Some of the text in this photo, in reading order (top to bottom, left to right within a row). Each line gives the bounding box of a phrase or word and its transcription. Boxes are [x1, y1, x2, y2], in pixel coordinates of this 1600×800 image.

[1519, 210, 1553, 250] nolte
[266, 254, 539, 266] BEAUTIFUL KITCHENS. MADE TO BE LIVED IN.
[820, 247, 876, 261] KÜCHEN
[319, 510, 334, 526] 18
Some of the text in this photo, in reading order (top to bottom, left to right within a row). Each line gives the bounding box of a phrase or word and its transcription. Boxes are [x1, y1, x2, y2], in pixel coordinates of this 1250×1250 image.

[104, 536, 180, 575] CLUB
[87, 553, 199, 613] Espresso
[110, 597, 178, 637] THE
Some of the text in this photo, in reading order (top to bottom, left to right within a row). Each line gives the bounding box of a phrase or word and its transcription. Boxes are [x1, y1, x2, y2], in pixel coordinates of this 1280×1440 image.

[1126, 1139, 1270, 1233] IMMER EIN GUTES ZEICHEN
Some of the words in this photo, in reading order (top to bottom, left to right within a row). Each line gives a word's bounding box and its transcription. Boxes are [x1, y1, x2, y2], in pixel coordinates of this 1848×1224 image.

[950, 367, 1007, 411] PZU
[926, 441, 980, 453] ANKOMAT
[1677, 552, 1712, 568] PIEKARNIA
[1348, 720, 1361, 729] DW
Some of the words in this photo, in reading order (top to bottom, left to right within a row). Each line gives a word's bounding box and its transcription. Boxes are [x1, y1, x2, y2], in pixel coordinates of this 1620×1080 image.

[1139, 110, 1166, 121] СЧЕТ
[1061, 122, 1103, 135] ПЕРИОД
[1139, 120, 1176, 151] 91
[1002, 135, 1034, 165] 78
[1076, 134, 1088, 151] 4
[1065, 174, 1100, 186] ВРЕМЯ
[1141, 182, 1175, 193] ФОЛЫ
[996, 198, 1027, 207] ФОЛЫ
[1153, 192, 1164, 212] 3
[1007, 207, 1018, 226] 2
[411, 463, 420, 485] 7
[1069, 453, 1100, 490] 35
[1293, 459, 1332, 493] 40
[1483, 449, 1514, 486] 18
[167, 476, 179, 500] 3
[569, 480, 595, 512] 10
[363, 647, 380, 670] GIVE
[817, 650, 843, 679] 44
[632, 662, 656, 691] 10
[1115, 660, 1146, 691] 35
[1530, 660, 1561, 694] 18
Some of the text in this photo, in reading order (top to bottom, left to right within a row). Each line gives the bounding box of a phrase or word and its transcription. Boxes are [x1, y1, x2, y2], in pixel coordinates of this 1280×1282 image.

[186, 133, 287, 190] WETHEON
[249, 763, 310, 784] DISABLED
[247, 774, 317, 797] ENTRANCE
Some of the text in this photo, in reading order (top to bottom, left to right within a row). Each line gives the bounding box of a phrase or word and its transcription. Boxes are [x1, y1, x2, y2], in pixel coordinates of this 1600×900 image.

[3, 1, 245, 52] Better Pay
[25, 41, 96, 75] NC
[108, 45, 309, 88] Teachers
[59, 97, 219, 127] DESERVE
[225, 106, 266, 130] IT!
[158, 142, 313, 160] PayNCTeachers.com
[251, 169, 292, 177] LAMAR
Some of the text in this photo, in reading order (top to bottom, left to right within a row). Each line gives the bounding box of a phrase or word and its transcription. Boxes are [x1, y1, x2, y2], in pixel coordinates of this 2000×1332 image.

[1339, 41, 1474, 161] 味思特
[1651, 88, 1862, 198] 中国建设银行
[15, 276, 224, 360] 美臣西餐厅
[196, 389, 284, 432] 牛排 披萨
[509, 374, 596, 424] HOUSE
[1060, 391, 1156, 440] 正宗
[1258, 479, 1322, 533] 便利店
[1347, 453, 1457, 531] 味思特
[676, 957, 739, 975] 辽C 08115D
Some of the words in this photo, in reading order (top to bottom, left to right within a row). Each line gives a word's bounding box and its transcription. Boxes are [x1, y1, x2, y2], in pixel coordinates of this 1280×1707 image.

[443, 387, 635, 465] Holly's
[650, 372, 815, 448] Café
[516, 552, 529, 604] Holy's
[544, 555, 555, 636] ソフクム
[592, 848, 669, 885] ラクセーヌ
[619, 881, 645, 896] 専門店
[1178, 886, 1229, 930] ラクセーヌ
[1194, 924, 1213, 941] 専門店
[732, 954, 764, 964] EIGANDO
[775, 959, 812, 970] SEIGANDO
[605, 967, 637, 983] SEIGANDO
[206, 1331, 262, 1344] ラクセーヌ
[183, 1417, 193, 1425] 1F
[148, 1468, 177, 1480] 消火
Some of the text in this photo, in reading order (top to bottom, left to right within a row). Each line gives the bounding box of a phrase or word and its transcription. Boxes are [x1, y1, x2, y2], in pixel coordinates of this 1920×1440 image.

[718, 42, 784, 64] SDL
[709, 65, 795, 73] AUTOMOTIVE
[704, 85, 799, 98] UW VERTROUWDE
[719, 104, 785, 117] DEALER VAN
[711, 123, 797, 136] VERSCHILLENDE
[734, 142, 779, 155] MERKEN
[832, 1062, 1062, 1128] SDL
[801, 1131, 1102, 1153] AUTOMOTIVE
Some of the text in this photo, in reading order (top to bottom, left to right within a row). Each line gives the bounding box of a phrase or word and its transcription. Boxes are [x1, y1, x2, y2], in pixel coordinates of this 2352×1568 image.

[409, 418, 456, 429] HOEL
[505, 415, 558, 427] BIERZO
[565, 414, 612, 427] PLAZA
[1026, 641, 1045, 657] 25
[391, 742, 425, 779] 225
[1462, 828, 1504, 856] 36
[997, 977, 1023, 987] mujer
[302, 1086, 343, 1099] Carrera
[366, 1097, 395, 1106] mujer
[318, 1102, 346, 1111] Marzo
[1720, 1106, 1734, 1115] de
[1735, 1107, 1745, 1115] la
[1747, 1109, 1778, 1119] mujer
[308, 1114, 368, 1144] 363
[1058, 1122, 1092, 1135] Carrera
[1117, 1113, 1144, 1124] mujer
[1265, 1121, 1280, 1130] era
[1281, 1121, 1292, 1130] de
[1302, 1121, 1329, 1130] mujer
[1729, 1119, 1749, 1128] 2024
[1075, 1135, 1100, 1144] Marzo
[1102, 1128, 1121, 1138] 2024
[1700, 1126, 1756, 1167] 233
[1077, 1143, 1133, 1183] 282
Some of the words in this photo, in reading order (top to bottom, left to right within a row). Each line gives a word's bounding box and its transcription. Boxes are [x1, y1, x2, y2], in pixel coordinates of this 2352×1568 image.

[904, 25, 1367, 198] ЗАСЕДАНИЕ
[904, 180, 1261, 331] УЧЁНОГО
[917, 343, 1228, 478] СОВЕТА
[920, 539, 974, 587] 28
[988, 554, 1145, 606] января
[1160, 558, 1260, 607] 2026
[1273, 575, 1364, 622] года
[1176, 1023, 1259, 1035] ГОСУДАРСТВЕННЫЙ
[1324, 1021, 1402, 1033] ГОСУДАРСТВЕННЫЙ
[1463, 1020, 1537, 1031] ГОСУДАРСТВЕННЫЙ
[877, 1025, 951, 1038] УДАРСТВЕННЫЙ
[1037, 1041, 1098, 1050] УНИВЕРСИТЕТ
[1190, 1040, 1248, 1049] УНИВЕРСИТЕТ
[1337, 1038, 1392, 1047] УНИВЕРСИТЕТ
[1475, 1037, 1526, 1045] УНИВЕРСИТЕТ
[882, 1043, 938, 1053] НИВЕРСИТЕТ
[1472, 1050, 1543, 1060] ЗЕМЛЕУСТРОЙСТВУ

TO DO: All entries should be given again precisely as they appear above.

EXERCISE RESULT:
Some of the text in this photo, in reading order (top to bottom, left to right within a row). Each line gives the bounding box of a phrase or word and its transcription. Boxes are [x1, y1, x2, y2], in pixel coordinates of this 1600×800 image.

[1519, 210, 1553, 250] nolte
[266, 254, 539, 266] BEAUTIFUL KITCHENS. MADE TO BE LIVED IN.
[820, 247, 876, 261] KÜCHEN
[319, 510, 334, 526] 18
Some of the text in this photo, in reading order (top to bottom, left to right within a row). Each line gives the bounding box of a phrase or word and its transcription. Boxes are [x1, y1, x2, y2], in pixel coordinates of this 1250×1250 image.

[104, 536, 180, 575] CLUB
[87, 553, 199, 613] Espresso
[110, 597, 178, 637] THE
Some of the text in this photo, in reading order (top to bottom, left to right within a row). Each line gives the bounding box of a phrase or word and its transcription. Boxes are [x1, y1, x2, y2], in pixel coordinates of this 1280×1440 image.

[1126, 1139, 1270, 1233] IMMER EIN GUTES ZEICHEN
Some of the words in this photo, in reading order (top to bottom, left to right within a row). Each line gives a word's bounding box and its transcription. Boxes are [x1, y1, x2, y2], in pixel coordinates of this 1848×1224 image.

[950, 367, 1007, 411] PZU
[926, 441, 980, 453] ANKOMAT
[1677, 552, 1712, 568] PIEKARNIA
[1348, 720, 1361, 729] DW
Some of the words in this photo, in reading order (top to bottom, left to right within a row). Each line gives a word's bounding box and its transcription. Boxes are [x1, y1, x2, y2], in pixel coordinates of this 1620×1080 image.

[1139, 110, 1166, 121] СЧЕТ
[1061, 122, 1103, 135] ПЕРИОД
[1139, 120, 1176, 151] 91
[1002, 135, 1034, 165] 78
[1076, 134, 1088, 151] 4
[1065, 174, 1100, 186] ВРЕМЯ
[1141, 182, 1175, 193] ФОЛЫ
[996, 198, 1027, 207] ФОЛЫ
[1153, 192, 1164, 212] 3
[1007, 207, 1018, 226] 2
[411, 463, 420, 485] 7
[1069, 453, 1100, 490] 35
[1293, 459, 1332, 493] 40
[1483, 449, 1514, 486] 18
[167, 476, 179, 500] 3
[569, 480, 595, 512] 10
[363, 647, 380, 670] GIVE
[817, 650, 843, 679] 44
[632, 662, 656, 691] 10
[1115, 660, 1146, 691] 35
[1530, 660, 1561, 694] 18
Some of the text in this photo, in reading order (top to bottom, left to right within a row). Each line gives the bounding box of a phrase or word and its transcription. Boxes are [x1, y1, x2, y2], in pixel coordinates of this 1280×1282 image.

[186, 133, 287, 190] WETHEON
[249, 763, 310, 784] DISABLED
[247, 774, 317, 797] ENTRANCE
Some of the text in this photo, in reading order (top to bottom, left to right within a row). Each line gives the bounding box of a phrase or word and its transcription. Boxes are [x1, y1, x2, y2], in pixel coordinates of this 1600×900 image.

[3, 1, 245, 52] Better Pay
[25, 41, 96, 75] NC
[108, 45, 309, 88] Teachers
[59, 97, 219, 127] DESERVE
[225, 106, 266, 130] IT!
[158, 142, 313, 160] PayNCTeachers.com
[251, 169, 292, 177] LAMAR
Some of the text in this photo, in reading order (top to bottom, left to right within a row). Each line gives the bounding box of a phrase or word and its transcription. Boxes are [x1, y1, x2, y2], in pixel coordinates of this 2000×1332 image.

[1339, 41, 1474, 161] 味思特
[1651, 88, 1862, 198] 中国建设银行
[15, 276, 224, 360] 美臣西餐厅
[196, 389, 284, 432] 牛排 披萨
[509, 374, 596, 424] HOUSE
[1060, 391, 1156, 440] 正宗
[1258, 479, 1322, 533] 便利店
[1347, 453, 1457, 531] 味思特
[676, 957, 739, 975] 辽C 08115D
Some of the words in this photo, in reading order (top to bottom, left to right within a row). Each line gives a word's bounding box and its transcription. Boxes are [x1, y1, x2, y2], in pixel coordinates of this 1280×1707 image.

[443, 387, 635, 465] Holly's
[650, 372, 815, 448] Café
[516, 552, 529, 604] Holy's
[544, 555, 555, 636] ソフクム
[592, 848, 669, 885] ラクセーヌ
[619, 881, 645, 896] 専門店
[1178, 886, 1229, 930] ラクセーヌ
[1194, 924, 1213, 941] 専門店
[732, 954, 764, 964] EIGANDO
[775, 959, 812, 970] SEIGANDO
[605, 967, 637, 983] SEIGANDO
[206, 1331, 262, 1344] ラクセーヌ
[183, 1417, 193, 1425] 1F
[148, 1468, 177, 1480] 消火
Some of the text in this photo, in reading order (top to bottom, left to right within a row). Each line gives the bounding box of a phrase or word and its transcription. Boxes are [x1, y1, x2, y2], in pixel coordinates of this 1920×1440 image.

[718, 42, 784, 64] SDL
[709, 65, 795, 73] AUTOMOTIVE
[704, 85, 799, 98] UW VERTROUWDE
[719, 104, 785, 117] DEALER VAN
[711, 123, 797, 136] VERSCHILLENDE
[734, 142, 779, 155] MERKEN
[832, 1062, 1062, 1128] SDL
[801, 1131, 1102, 1153] AUTOMOTIVE
Some of the text in this photo, in reading order (top to bottom, left to right within a row). Each line gives the bounding box of a phrase or word and its transcription. Boxes are [x1, y1, x2, y2], in pixel coordinates of this 2352×1568 image.

[409, 418, 456, 429] HOEL
[505, 415, 558, 427] BIERZO
[565, 414, 612, 427] PLAZA
[1026, 641, 1045, 657] 25
[391, 742, 425, 779] 225
[1462, 828, 1504, 856] 36
[997, 977, 1023, 987] mujer
[302, 1086, 343, 1099] Carrera
[366, 1097, 395, 1106] mujer
[318, 1102, 346, 1111] Marzo
[1720, 1106, 1734, 1115] de
[1735, 1107, 1745, 1115] la
[1747, 1109, 1778, 1119] mujer
[308, 1114, 368, 1144] 363
[1058, 1122, 1092, 1135] Carrera
[1117, 1113, 1144, 1124] mujer
[1265, 1121, 1280, 1130] era
[1281, 1121, 1292, 1130] de
[1302, 1121, 1329, 1130] mujer
[1729, 1119, 1749, 1128] 2024
[1075, 1135, 1100, 1144] Marzo
[1102, 1128, 1121, 1138] 2024
[1700, 1126, 1756, 1167] 233
[1077, 1143, 1133, 1183] 282
Some of the words in this photo, in reading order (top to bottom, left to right within a row). Each line gives a word's bounding box and its transcription. Boxes are [x1, y1, x2, y2], in pixel coordinates of this 2352×1568 image.

[904, 25, 1367, 198] ЗАСЕДАНИЕ
[904, 180, 1261, 331] УЧЁНОГО
[917, 343, 1228, 478] СОВЕТА
[920, 539, 974, 587] 28
[988, 554, 1145, 606] января
[1160, 558, 1260, 607] 2026
[1273, 575, 1364, 622] года
[1176, 1023, 1259, 1035] ГОСУДАРСТВЕННЫЙ
[1324, 1021, 1402, 1033] ГОСУДАРСТВЕННЫЙ
[1463, 1020, 1537, 1031] ГОСУДАРСТВЕННЫЙ
[877, 1025, 951, 1038] УДАРСТВЕННЫЙ
[1037, 1041, 1098, 1050] УНИВЕРСИТЕТ
[1190, 1040, 1248, 1049] УНИВЕРСИТЕТ
[1337, 1038, 1392, 1047] УНИВЕРСИТЕТ
[1475, 1037, 1526, 1045] УНИВЕРСИТЕТ
[882, 1043, 938, 1053] НИВЕРСИТЕТ
[1472, 1050, 1543, 1060] ЗЕМЛЕУСТРОЙСТВУ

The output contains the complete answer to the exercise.